Are you in the Tate Modern’s massive Turbine hall? And you
just went down the hall from the main entrance to the other extremity – a dark
space – past the flight of stairs leading to the first level, only to find a
big screen showing a mute, mostly visual film, right? Well that’s it; you have
just had your first encounter with Tacita Dean’s 2011 film.

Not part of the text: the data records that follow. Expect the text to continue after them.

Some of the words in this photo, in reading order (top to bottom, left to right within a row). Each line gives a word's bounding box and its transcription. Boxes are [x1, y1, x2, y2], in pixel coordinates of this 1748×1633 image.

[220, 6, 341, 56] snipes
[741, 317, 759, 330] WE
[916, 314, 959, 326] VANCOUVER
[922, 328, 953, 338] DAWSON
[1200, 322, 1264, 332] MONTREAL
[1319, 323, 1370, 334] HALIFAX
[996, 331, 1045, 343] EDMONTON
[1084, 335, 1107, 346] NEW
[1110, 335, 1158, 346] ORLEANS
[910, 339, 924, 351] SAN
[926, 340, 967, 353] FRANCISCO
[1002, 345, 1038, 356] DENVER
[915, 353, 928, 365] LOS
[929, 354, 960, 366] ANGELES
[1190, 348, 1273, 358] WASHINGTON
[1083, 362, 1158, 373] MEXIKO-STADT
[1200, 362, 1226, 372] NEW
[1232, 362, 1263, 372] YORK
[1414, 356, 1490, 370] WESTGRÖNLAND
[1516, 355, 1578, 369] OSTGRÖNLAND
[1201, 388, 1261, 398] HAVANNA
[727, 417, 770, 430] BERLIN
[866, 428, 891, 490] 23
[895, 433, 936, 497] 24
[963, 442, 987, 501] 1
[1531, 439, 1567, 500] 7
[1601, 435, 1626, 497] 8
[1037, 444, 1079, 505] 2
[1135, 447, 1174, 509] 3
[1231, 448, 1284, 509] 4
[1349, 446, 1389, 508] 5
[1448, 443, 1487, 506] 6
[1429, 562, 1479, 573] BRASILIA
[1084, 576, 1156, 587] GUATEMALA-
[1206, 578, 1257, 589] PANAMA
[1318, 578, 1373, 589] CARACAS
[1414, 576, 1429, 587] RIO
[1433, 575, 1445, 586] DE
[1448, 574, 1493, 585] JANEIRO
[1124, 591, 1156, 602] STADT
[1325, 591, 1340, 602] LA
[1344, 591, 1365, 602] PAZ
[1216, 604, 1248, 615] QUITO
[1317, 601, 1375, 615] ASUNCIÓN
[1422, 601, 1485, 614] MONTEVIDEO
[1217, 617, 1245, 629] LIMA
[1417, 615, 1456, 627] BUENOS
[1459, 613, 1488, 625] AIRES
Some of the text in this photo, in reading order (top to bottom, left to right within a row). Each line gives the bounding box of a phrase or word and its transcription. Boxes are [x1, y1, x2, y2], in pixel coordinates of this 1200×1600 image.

As part of the Unilever series, Tacita Dean’s artwork is in
fact an installation; it is not solely the film but the whole setting that she
makes use of. Firstly, the darkness around simply enhances the grayscale and
colour frames of the film, hence making the whole experience visually
riveting.
The screening of the film is in the portrait format, a
vertical depiction which takes the whole of the wall, thus playing with the
viewers’ gaze: from top to bottom and from bottom to the top. This ceaseless
refocusing of our attention pulls us to review the film again and again, to try
and discern the other visual details of the different tableaus if not the very
meaning of their intended symbolism; hence Tacita Dean’s proper idea of keeping
it a continuous screening.
One poignant feature of this installation is the use of the
old. Marshall McLuhan himself said, ‘The
medium is the message’ and here Tacita Dean is paying tribute to a dying
medium. She makes use of the very basic mechanics of film-making and on the
wall found just before the installation area, we read, ‘I physically splice the
print and stick it together with tape. It these days of solitary and concentrated
labour which are at the heart of that creative process…’ The intended result of
the whole artwork is to create something which is being lost in face of
digitised technology.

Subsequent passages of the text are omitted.